The plurality of cameras capture a moving image at a certain time,
The face image recognition means recognizes the face image for each frame constituting a moving image shot by the camera,
7. The video display apparatus according to claim 6, wherein the display desire degree calculation means calculates the display desire degree based on each face image of each frame recognized by the face image recognition means.

The display desire degree calculating means includes:
Face coordinate detection means for detecting position coordinates of the face image with respect to the display screen based on the face image recognized by the face image recognition means;
Gaze direction detection means for detecting the gaze direction of the face image based on the face image recognized by the face image recognition means;
Based on the line-of-sight direction of the face image detected by the line-of-sight direction detection means and the position coordinates of the corresponding face image detected by the face coordinate detection means, the position coordinates of the display screen that the face image gazes at are obtained.
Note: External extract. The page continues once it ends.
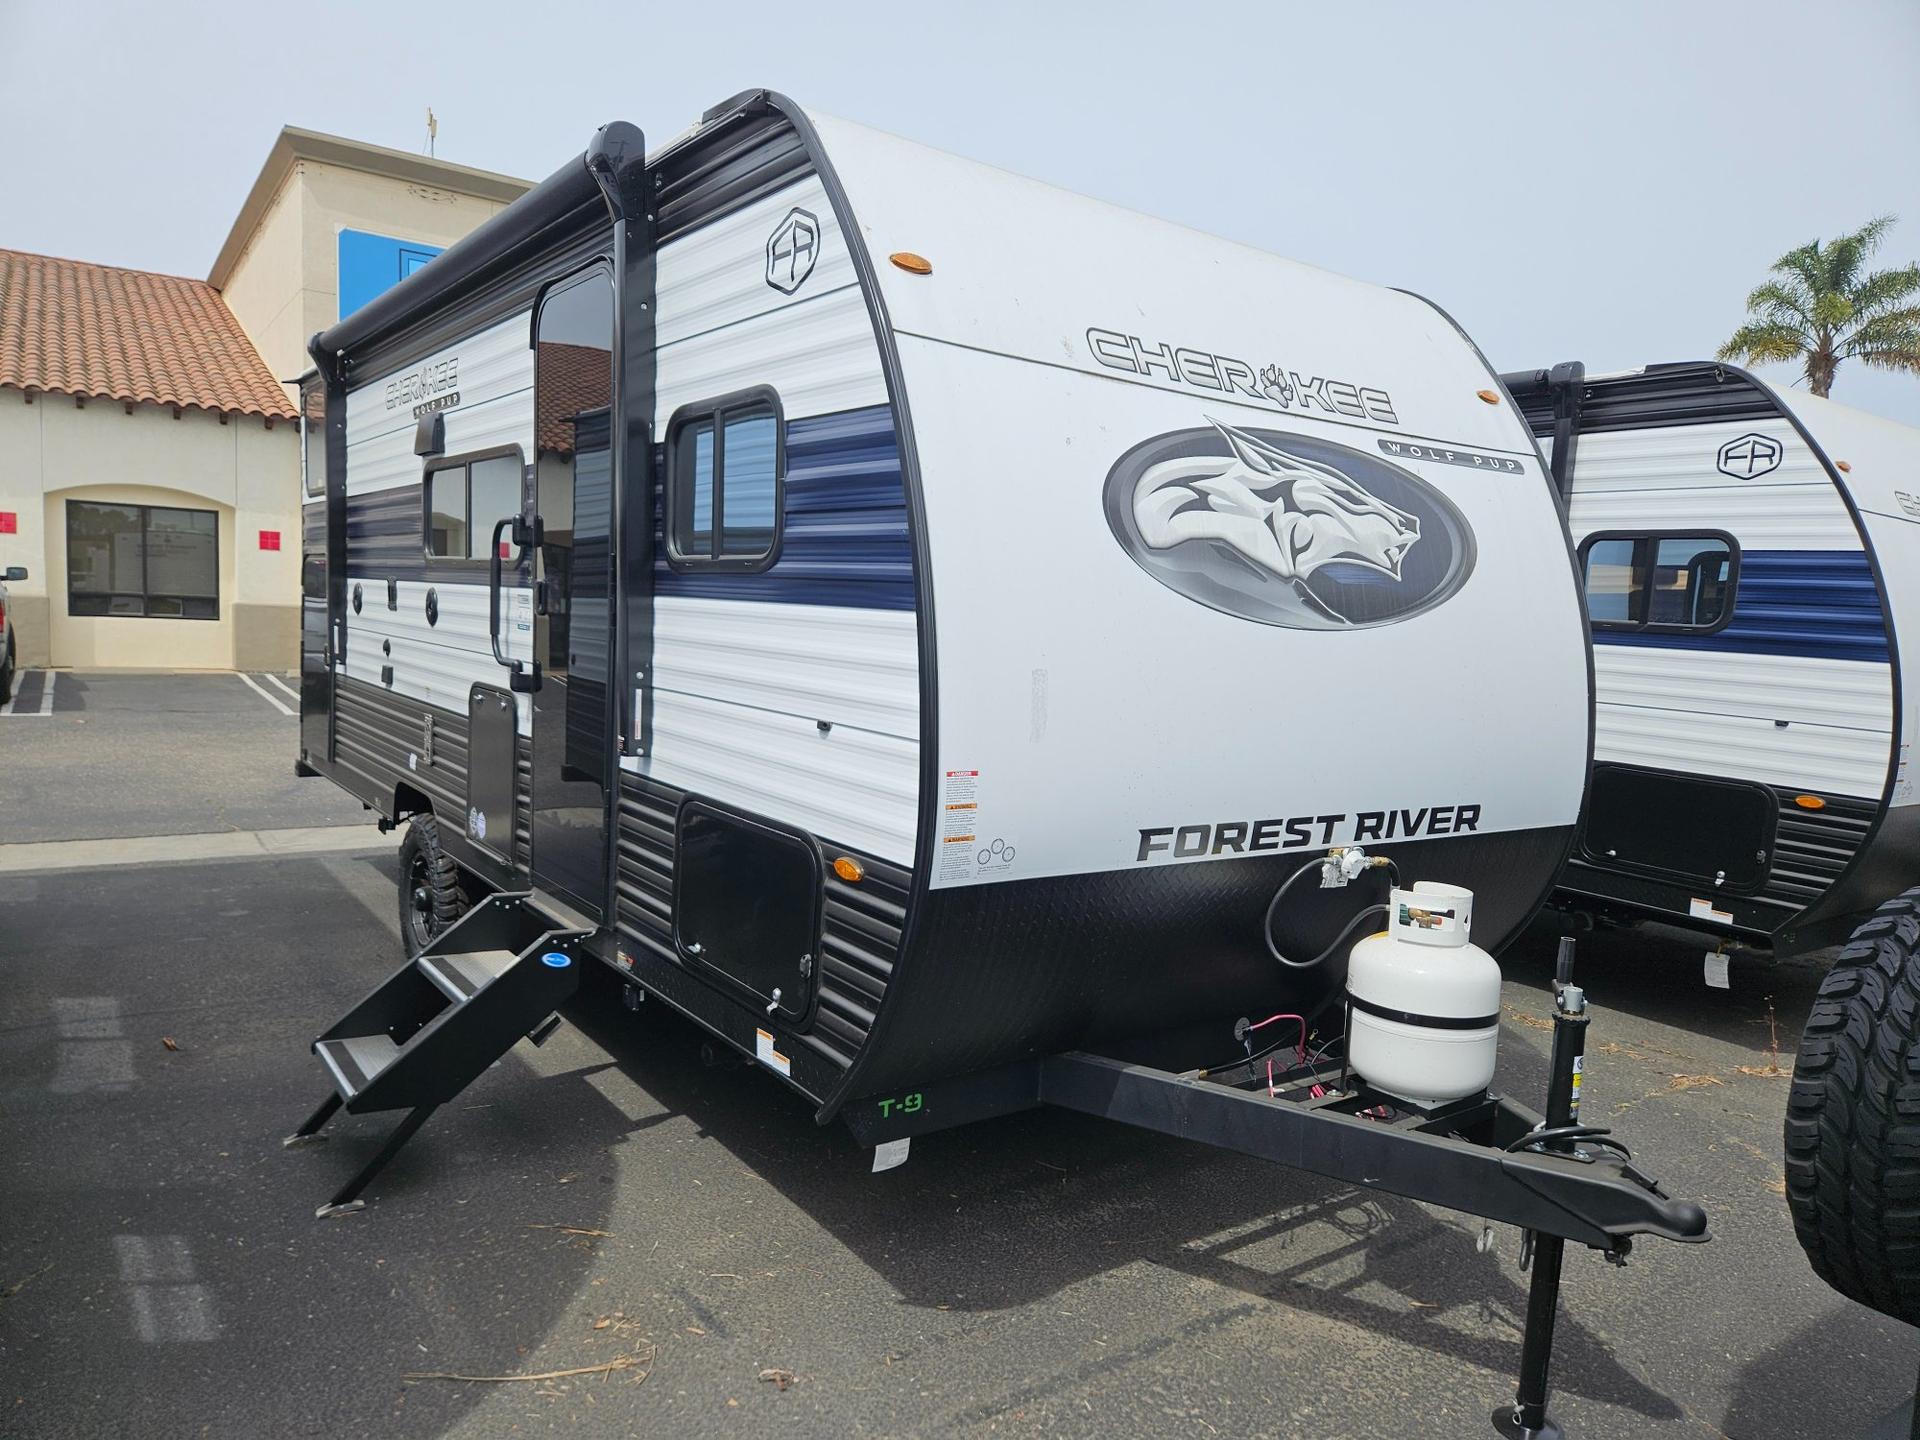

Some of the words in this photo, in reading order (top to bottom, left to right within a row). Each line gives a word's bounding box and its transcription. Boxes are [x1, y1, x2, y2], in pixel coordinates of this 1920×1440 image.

Gaze coordinate detection means for detecting;
Attention video detection means for detecting any one of the main area and the sub area that the face image gazes based on the position coordinates detected by the gaze coordinate detection means,
7. The video display apparatus according to claim 6, wherein the display desire degree of each video of the main area and the one or more sub areas is calculated based on detection information detected by the target video detection means. .
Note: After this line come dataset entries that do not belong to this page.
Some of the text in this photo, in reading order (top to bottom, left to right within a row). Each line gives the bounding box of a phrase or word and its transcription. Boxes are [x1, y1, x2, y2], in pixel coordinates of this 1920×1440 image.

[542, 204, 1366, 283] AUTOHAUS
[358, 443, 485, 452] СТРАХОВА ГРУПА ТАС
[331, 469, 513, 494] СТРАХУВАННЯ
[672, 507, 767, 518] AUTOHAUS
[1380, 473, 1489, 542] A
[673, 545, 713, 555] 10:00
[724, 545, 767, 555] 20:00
The display desire degree calculating means includes:
Face coordinate detection means for detecting position coordinates of the face image with respect to the display screen based on the face image recognized by the face image recognition means;
A movement amount detection means for detecting a movement amount of the face image based on the position coordinates of the face image detected by the face coordinate detection means;
Satisfaction calculation means for calculating the satisfaction degree of the face image based on the movement amount detected by the movement amount detection means;
Gaze direction detection means for detecting the gaze direction of the face image based on the face image recognized by the face image recognition means;
Based on the line-of-sight direction of the face image detected by the line-of-sight direction detection means and the position coordinates of the corresponding face image detected by the face coordinate detection means, the position coordinates of the display screen that the face image gazes at are obtained. Gaze coordinate detection means for detecting;
Attention video detection means for detecting any one of the main area and the sub area that the face image gazes based on the position coordinates detected by the gaze coordinate detection means,
Based on the detection information detected by the attention image detection means, the movement amount detected by the movement amount detection means, and the satisfaction level calculated by the satisfaction level calculation means, the main area and the one or more sub-areas The video display device according to claim 6, wherein the display desire level of each video is calculated.

The plurality of cameras includes two cameras,
The video display apparatus according to claim 6, wherein the two cameras are provided in the horizontal direction at both ends in the horizontal direction of the display screen.